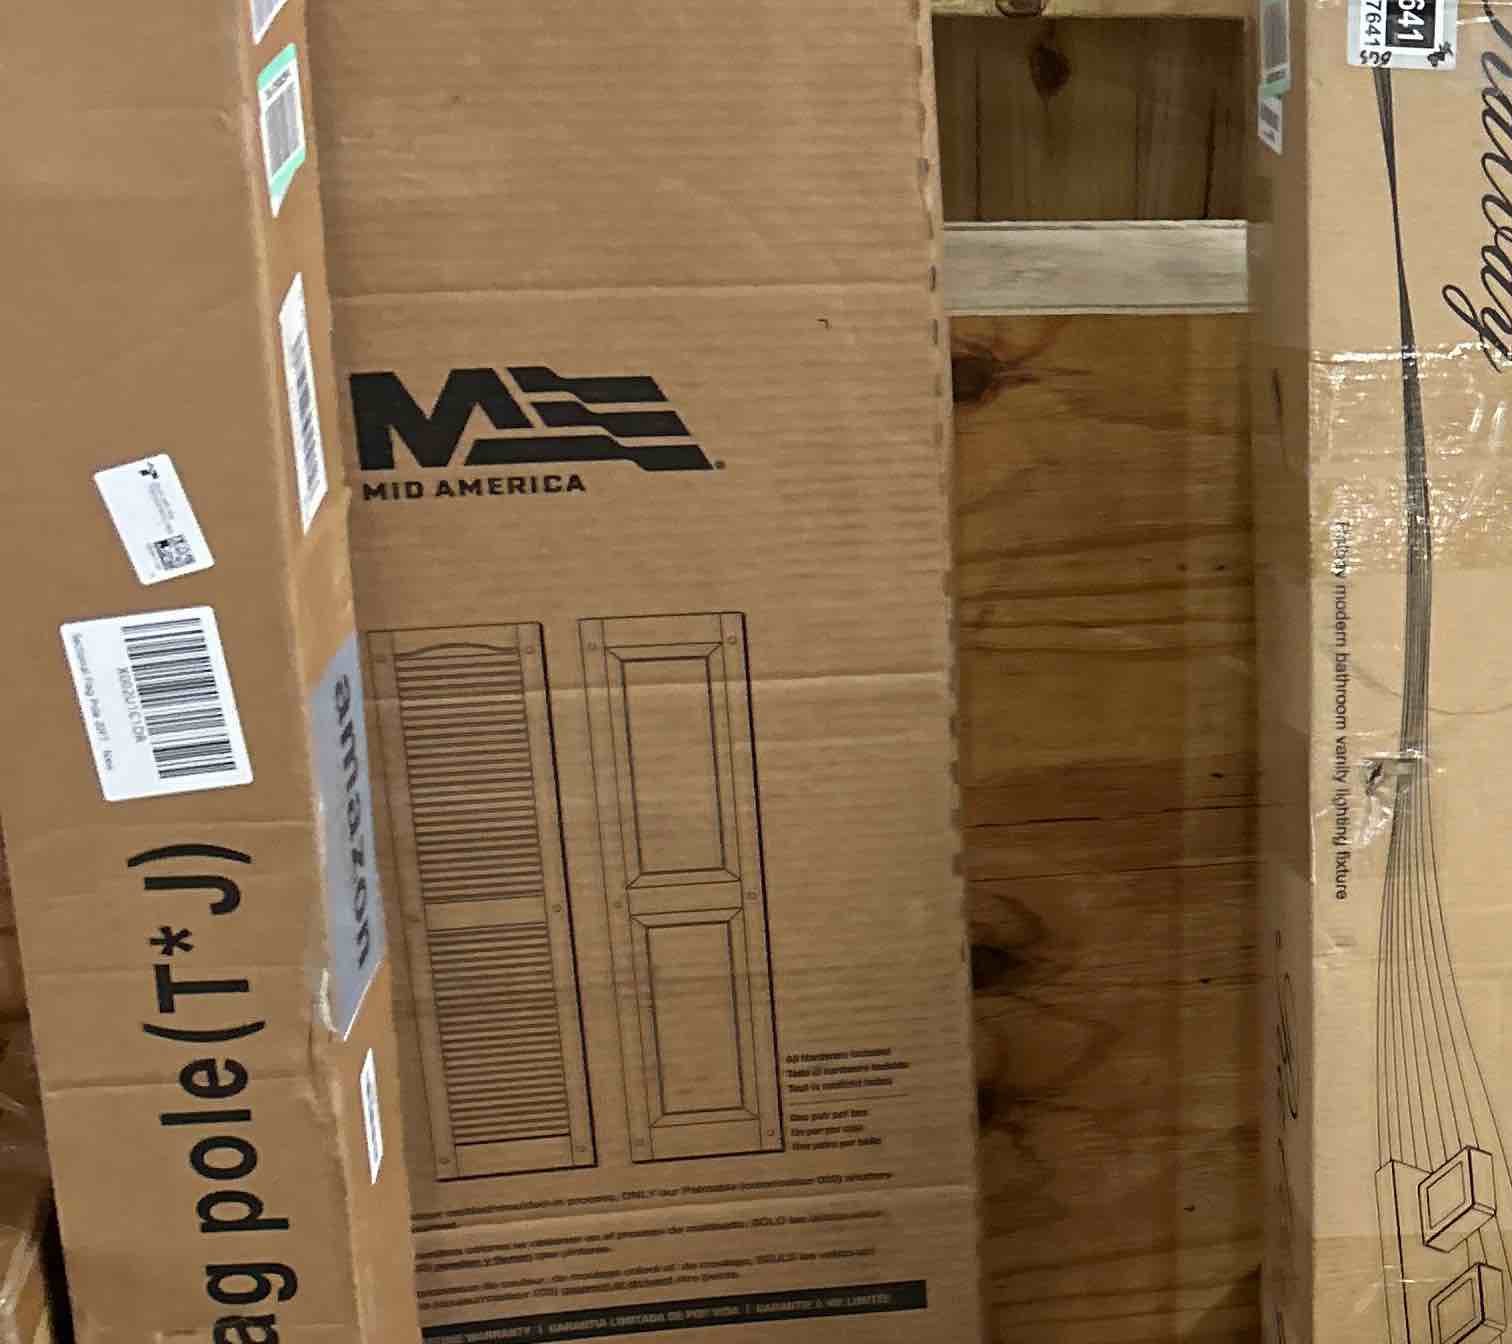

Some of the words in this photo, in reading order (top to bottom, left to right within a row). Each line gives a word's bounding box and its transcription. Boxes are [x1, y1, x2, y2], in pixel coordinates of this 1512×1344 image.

[434, 473, 586, 497] AMERICA
[1335, 584, 1347, 648] modern
[1335, 653, 1350, 732] bathroom
[1331, 736, 1347, 784] vanity
[334, 674, 371, 971] amazon
[1331, 788, 1349, 847] lighting
[1335, 851, 1350, 901] fixture
◇ ◇ ◇ ◇ ◇ ◇ ◇
[Problem requirements] Print the records above verbatim, minus any pictures.

[Solution]
Some of the words in this photo, in reading order (top to bottom, left to right within a row). Each line gives a word's bounding box and its transcription. Boxes are [x1, y1, x2, y2], in pixel coordinates of this 1512×1344 image.

[434, 473, 586, 497] AMERICA
[1335, 584, 1347, 648] modern
[1335, 653, 1350, 732] bathroom
[1331, 736, 1347, 784] vanity
[334, 674, 371, 971] amazon
[1331, 788, 1349, 847] lighting
[1335, 851, 1350, 901] fixture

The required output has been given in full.